When the weather is warm and daylight lasts well into the evening, some St. Louis residents may choose to use their bicycles for their daily commutes. Instead of getting caught in busy highway traffic, bike riders can maneuver through city streets and avoid the backups that often plague the city’s rush hour. Bicycles provide a healthy outlet for individuals who want to get some exercise while getting to where they need to go, but bike riding is not without risks. Every year, many Missouri residents get hurt in collisions with vehicles while riding their bikes, and some of those collisions result in fatalities.
Negligence as a cause of bike-vehicle collisions
One of the more common reasons that vehicles and bikes collide is driver negligence. Negligence is a legal theory that compares the actions of an allegedly negligent person to that of a reasonable person in a similar situation.
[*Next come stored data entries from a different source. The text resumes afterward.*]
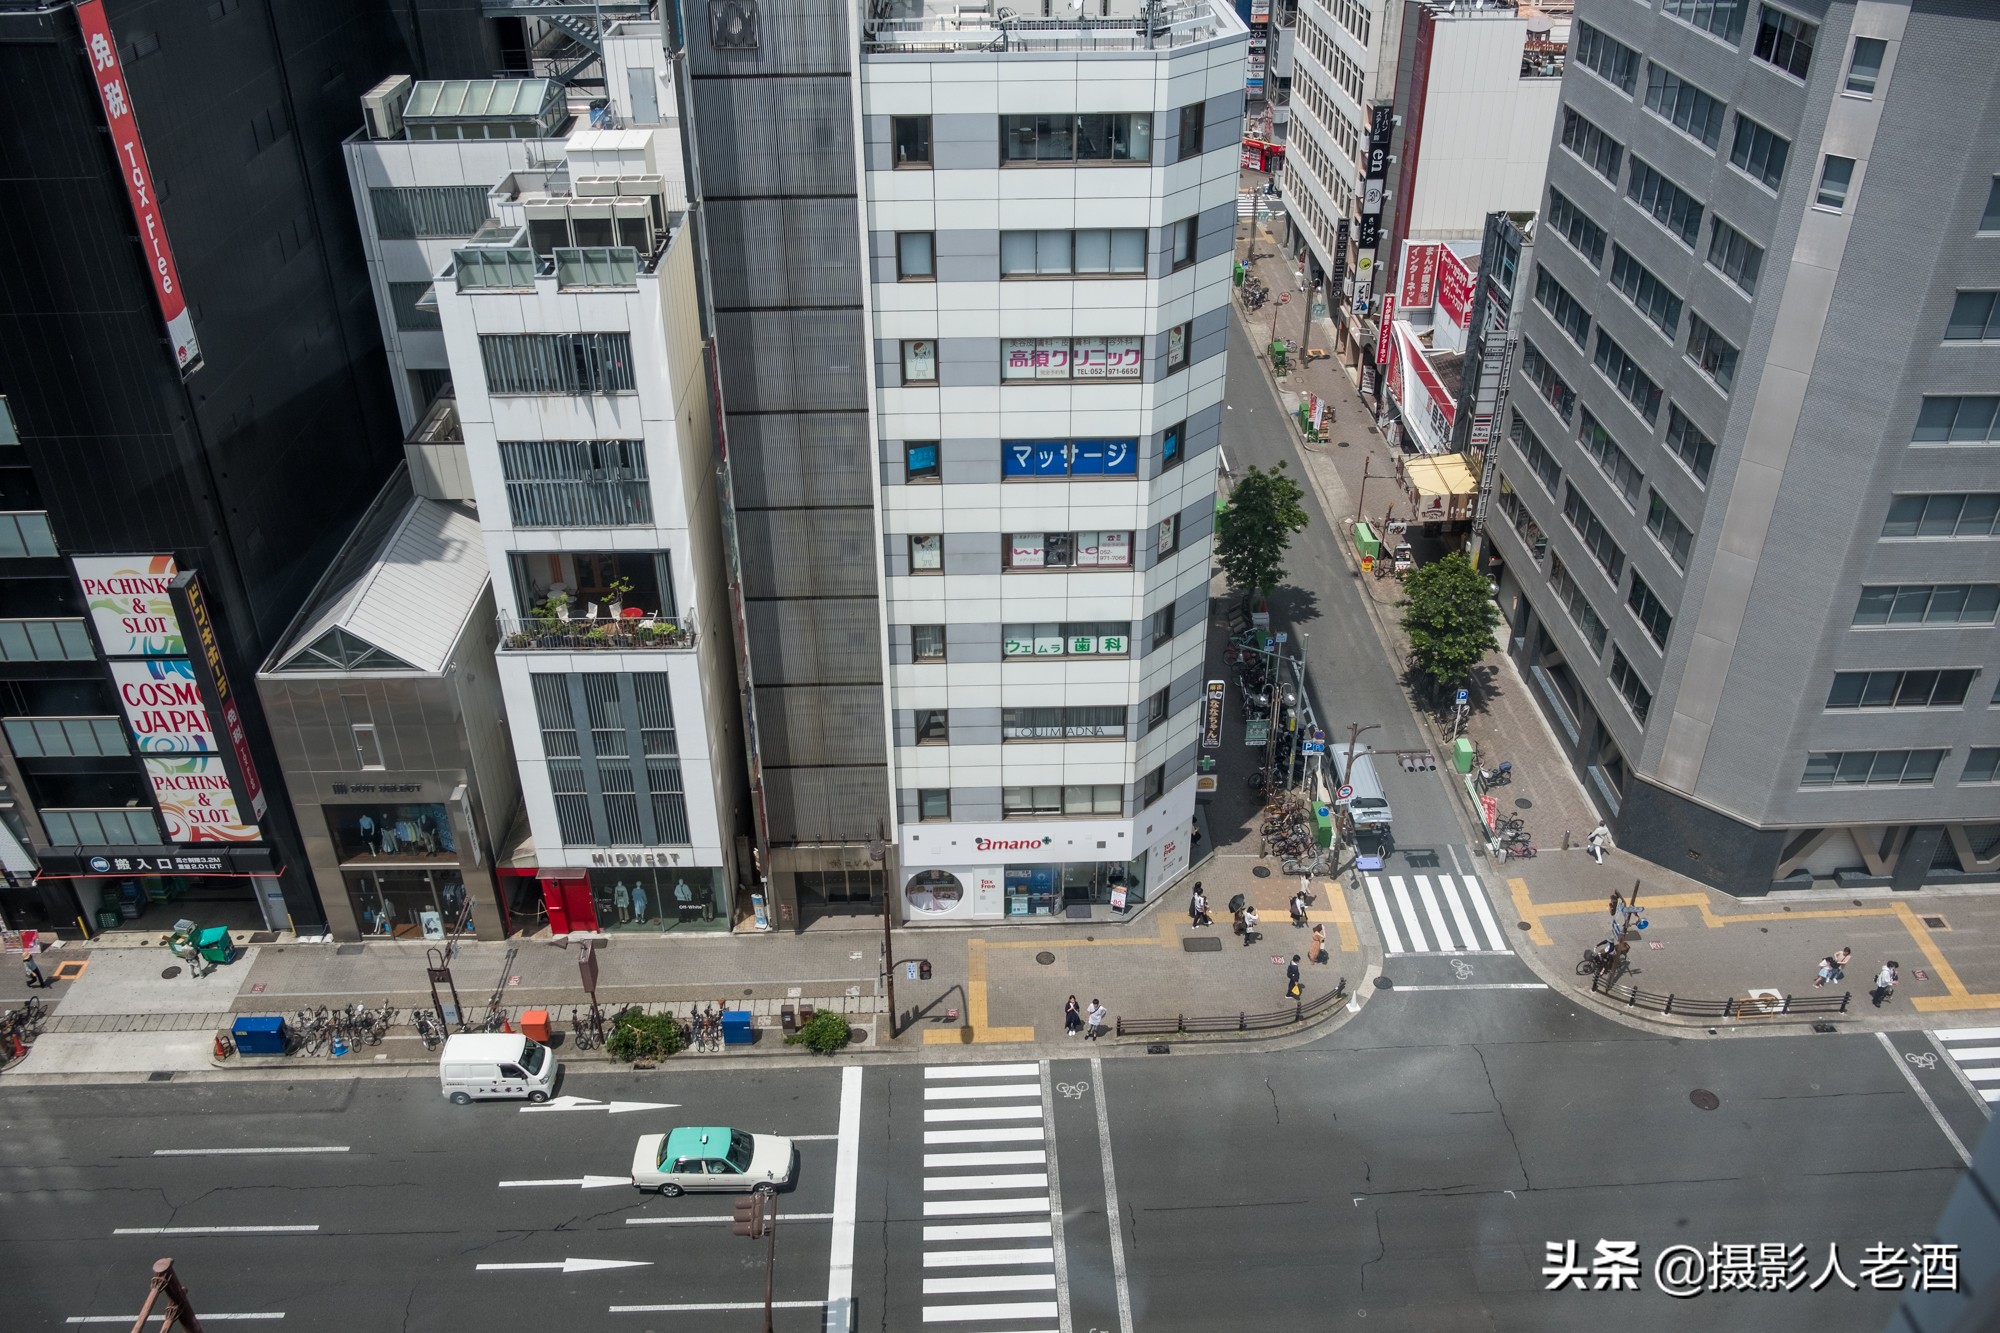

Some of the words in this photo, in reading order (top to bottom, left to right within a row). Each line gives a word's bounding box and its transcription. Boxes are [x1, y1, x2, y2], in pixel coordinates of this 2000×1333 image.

[91, 33, 127, 119] 免税
[1371, 148, 1384, 172] en
[124, 142, 149, 207] Tax
[145, 214, 173, 294] Free
[1405, 246, 1421, 306] インターネット
[1009, 349, 1141, 367] 高須クリニック
[1169, 353, 1179, 364] 7F
[1012, 443, 1128, 468] マッサージ
[132, 598, 147, 614] &
[122, 617, 167, 634] SLOT
[1267, 638, 1274, 647] P
[1459, 691, 1467, 699] P
[1305, 742, 1313, 751] P
[198, 793, 212, 807] &
[188, 810, 230, 824] SLOT
[976, 838, 1042, 851] amano
[114, 858, 173, 870] 搬入口
[591, 852, 681, 866] MIDWEST
If, during the comparison, it is found that a reasonable person would not have acted as the allegedly negligent person acted, then the person may be deemed to have exhibited negligence. Personal injury claims based on negligence generally must include evidence of duty between the parties, causation, and damages sustained by the victim.
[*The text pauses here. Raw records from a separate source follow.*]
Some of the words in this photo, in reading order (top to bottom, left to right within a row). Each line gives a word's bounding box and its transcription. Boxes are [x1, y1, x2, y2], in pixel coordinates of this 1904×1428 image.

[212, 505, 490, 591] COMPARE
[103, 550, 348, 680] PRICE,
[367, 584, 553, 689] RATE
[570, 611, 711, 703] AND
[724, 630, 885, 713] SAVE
For example, consider a driver who is sending text messages while behind the wheel of their car. As they approach a right turn, the look at their smart phone instead of the road, and collide with a bicyclist in a bike lane when they maneuver their vehicle without signaling. A court may evaluate if the driver was negligent and how they caused the victim to suffer injuries and losses.
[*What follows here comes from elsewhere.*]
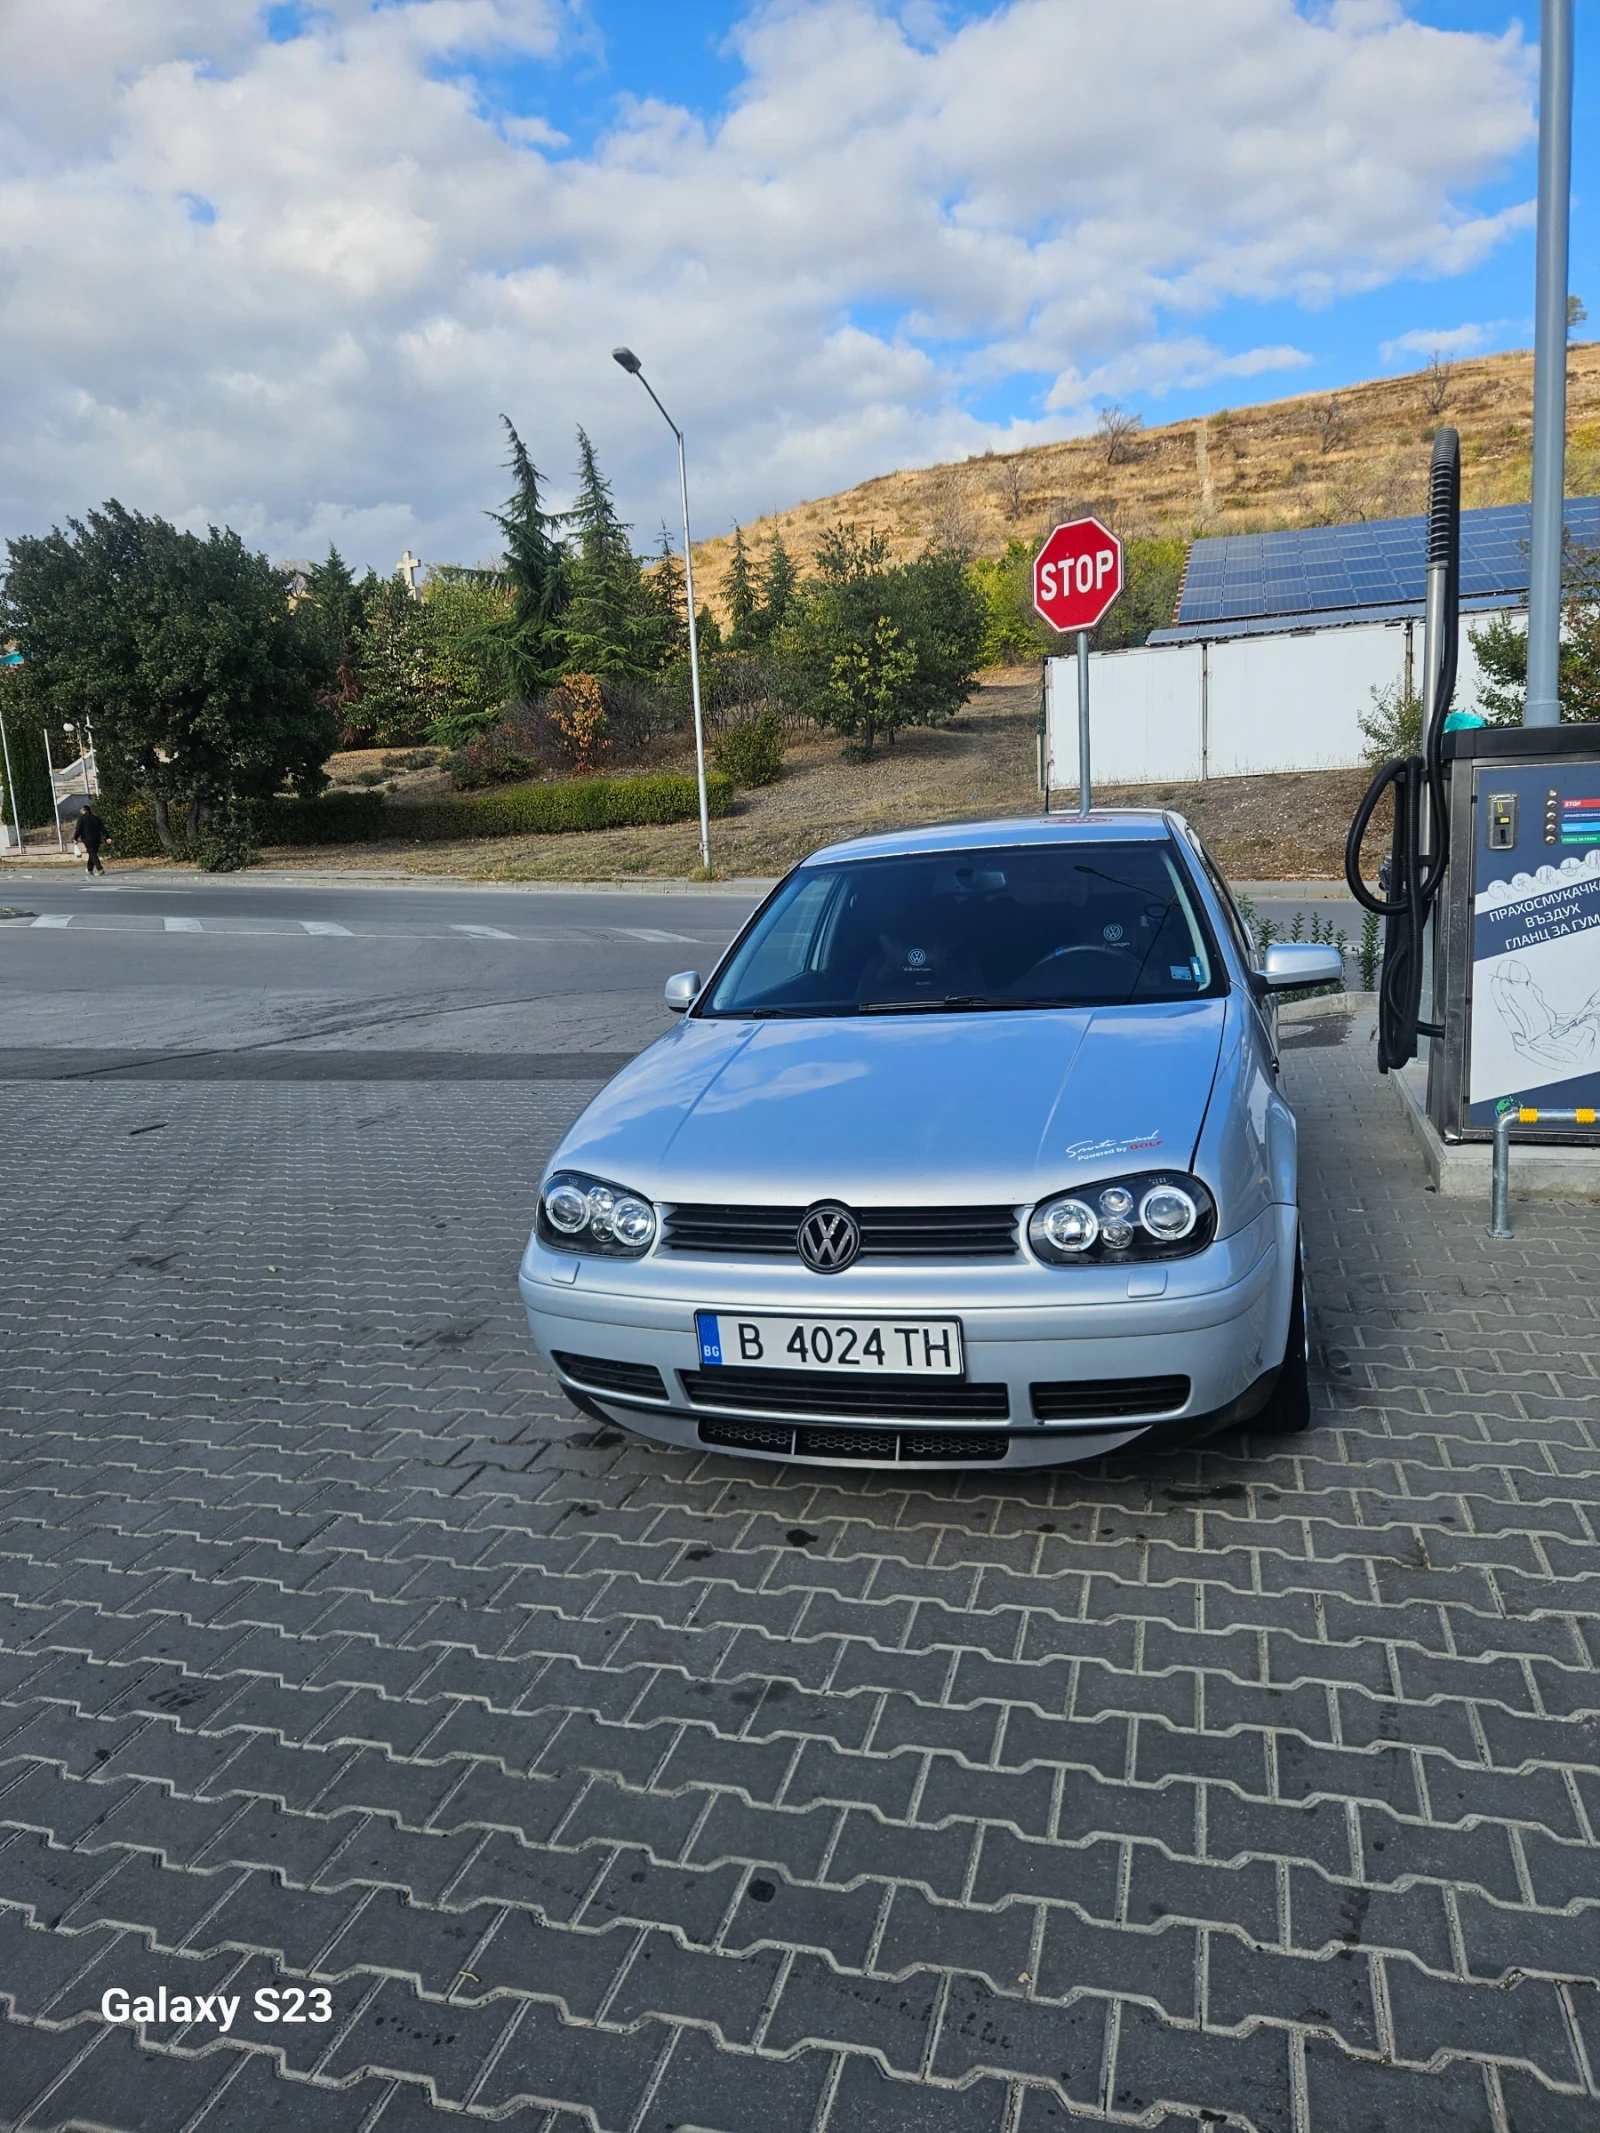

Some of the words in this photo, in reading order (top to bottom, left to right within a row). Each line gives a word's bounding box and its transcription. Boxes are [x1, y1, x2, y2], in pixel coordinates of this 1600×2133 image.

Comparative negligence may impact a victim’s damages
During a negligence trial, a driver may offer evidence that a bicyclist-victim was also negligent when their collision occurred. Consider the example above. If the driver was texting and not paying attention to the road, then they carry some of the burden for causing the accident. But if the bicyclist-victim also was negligent at that time, then their recovery of damages may be reduced. A victim who is also a partial cause of their own harm cannot recover the proportion of their losses that can be attributed to their own negligence. In the discussed scenario, if the driver was 80% negligent for the crash and the bicyclist was 20% negligent, the bicyclist-victim could recover 80% of their accident-related damages.
It is not always easy for a personal injury victim to prepare and plead their own legal claims. Victims of bicycle accidents can seek help from lawyers to ensure that their cases are effectively prepared. No legal advice is offered in this post, and individual counsel from personal injury lawyers is suggested for readers with case-specific legal claims.